The West Side railyards are the kind of urban development project that makes builders dance in the streets. A footprint bigger than Rockefeller Center’s and the potential for more commercial and residential space than ground zero: what more could an urban visionary want?

So the five proposals recently unveiled by the Metropolitan Transportation Authority to develop the 26-acre Manhattan railyards are not just a disappointment for their lack of imagination, they are also a grim referendum on the state of large-scale planning in New York City.

With the possible exception of a design for the Extell Development Company, the proposals embody the kind of tired, generic planning formulas that appear wherever big development money is at stake. When thoughtful architecture surfaces at all, it is mostly a superficial gloss of culture, rather than a sincere effort to come to terms with the complex social and economic changes the city has been undergoing for the last decade or so.

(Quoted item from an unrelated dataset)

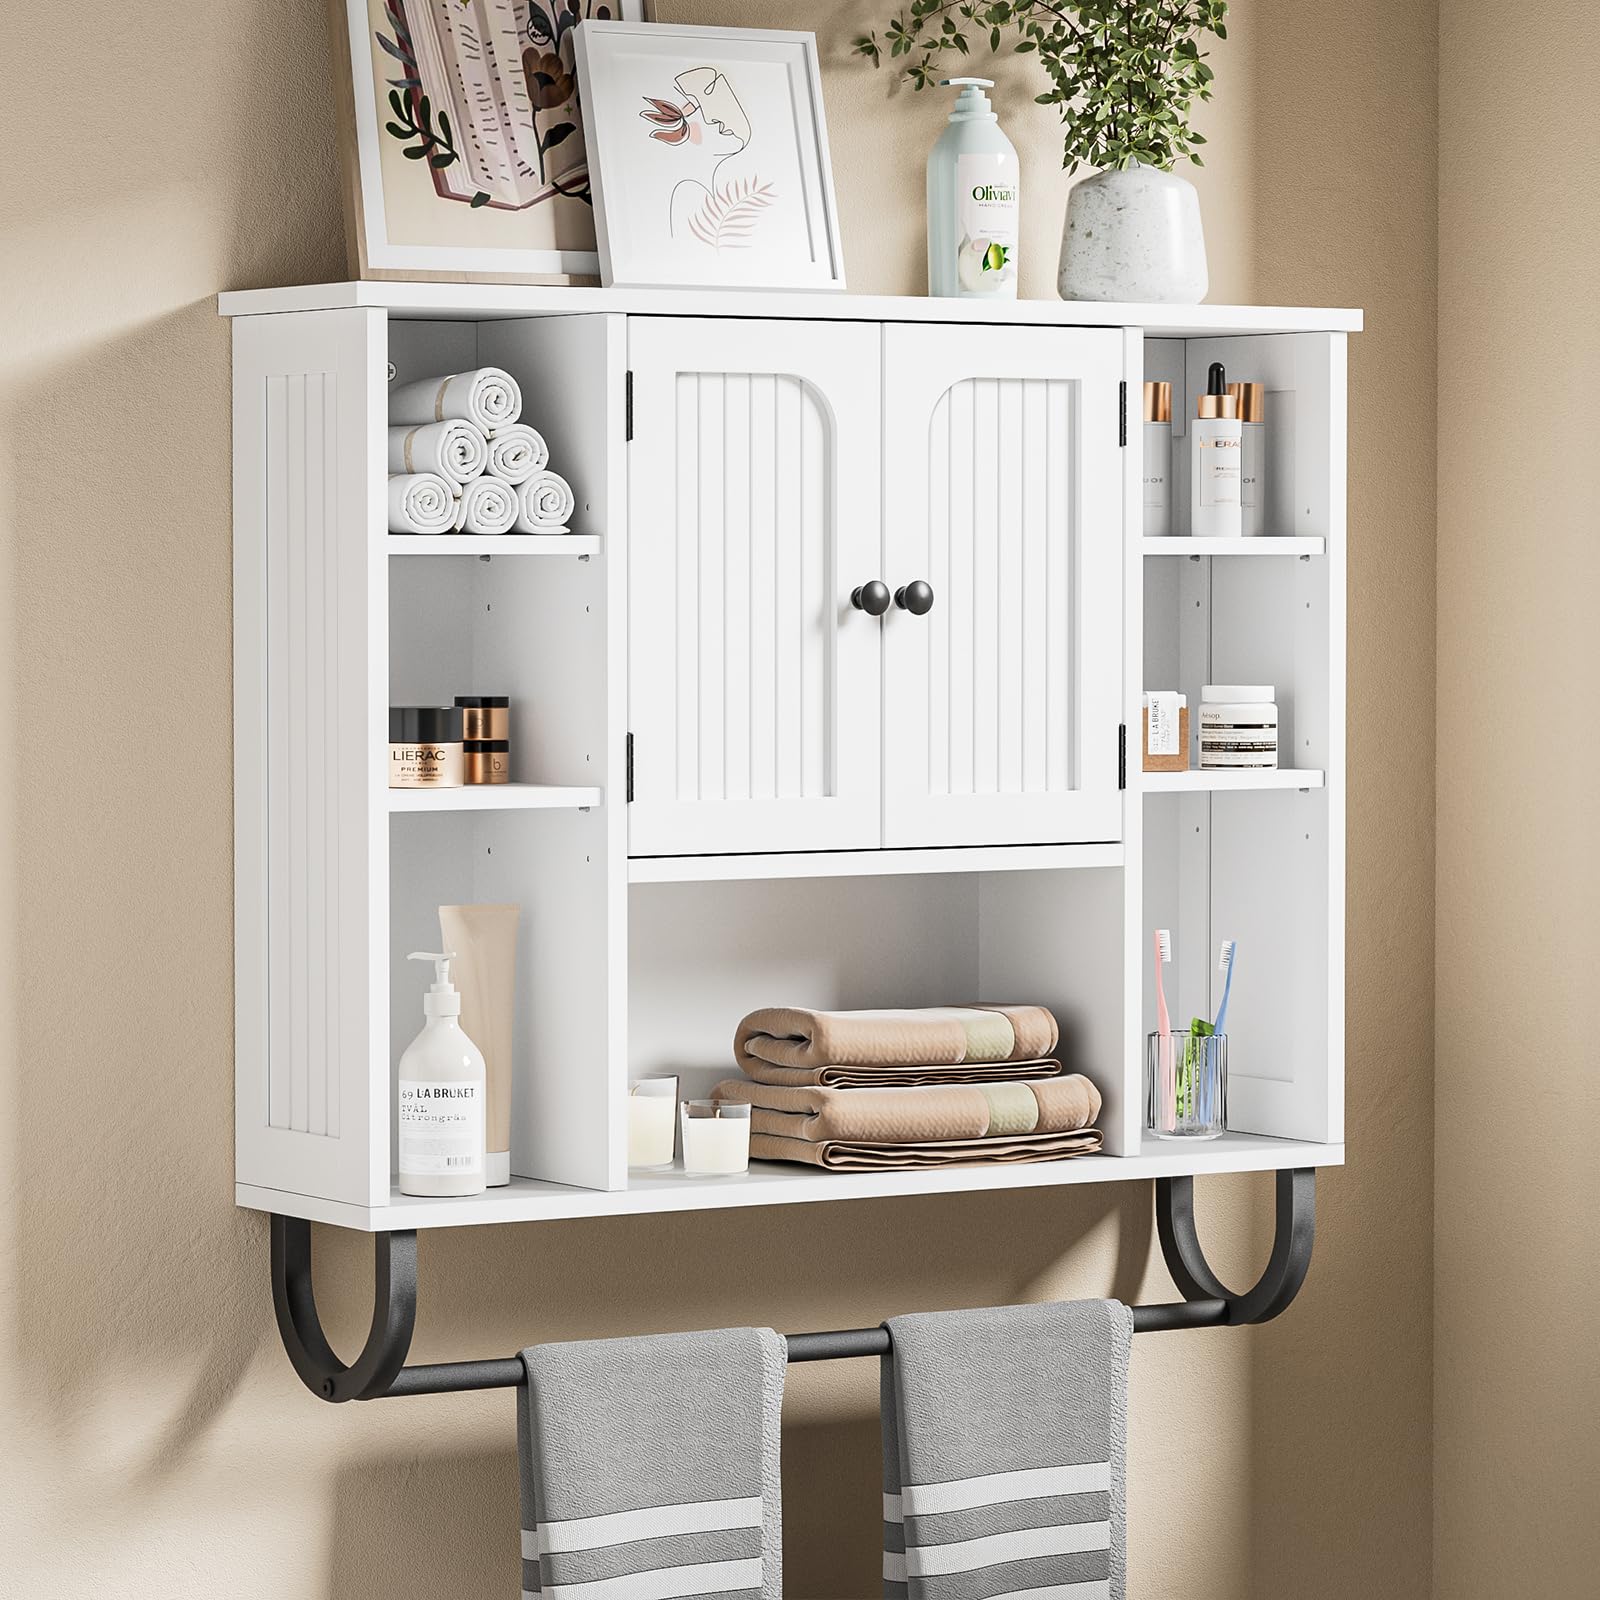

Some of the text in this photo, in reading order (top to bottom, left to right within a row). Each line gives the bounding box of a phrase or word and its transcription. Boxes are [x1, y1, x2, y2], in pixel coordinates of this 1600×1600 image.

Located on six square blocks between 30th and 33rd Streets and 10th Avenue and the West Side Highway, the yards are one of the few remaining testaments to New York’s industrial past. Dozens of tracks leading in and out of Pennsylvania Station carve through the site. A string of parking lots and old industrial buildings flanks the tracks to the south; the Jacob K. Javits Convention Center is a block to the north. To build, developers first will have to create a platform over the tracks, at an estimated cost of $1.5 billion; construction of the platform and towers has to take place without interrupting train service.

City officials and the transportation authority, which owns the railyards, have entertained various proposals for the site in recent years, including an ill-conceived stadium for the Jets. The current guidelines would allow up to 13 million square feet of commercial, retail and residential space; a building to house a cultural group yet to be named; and a public park.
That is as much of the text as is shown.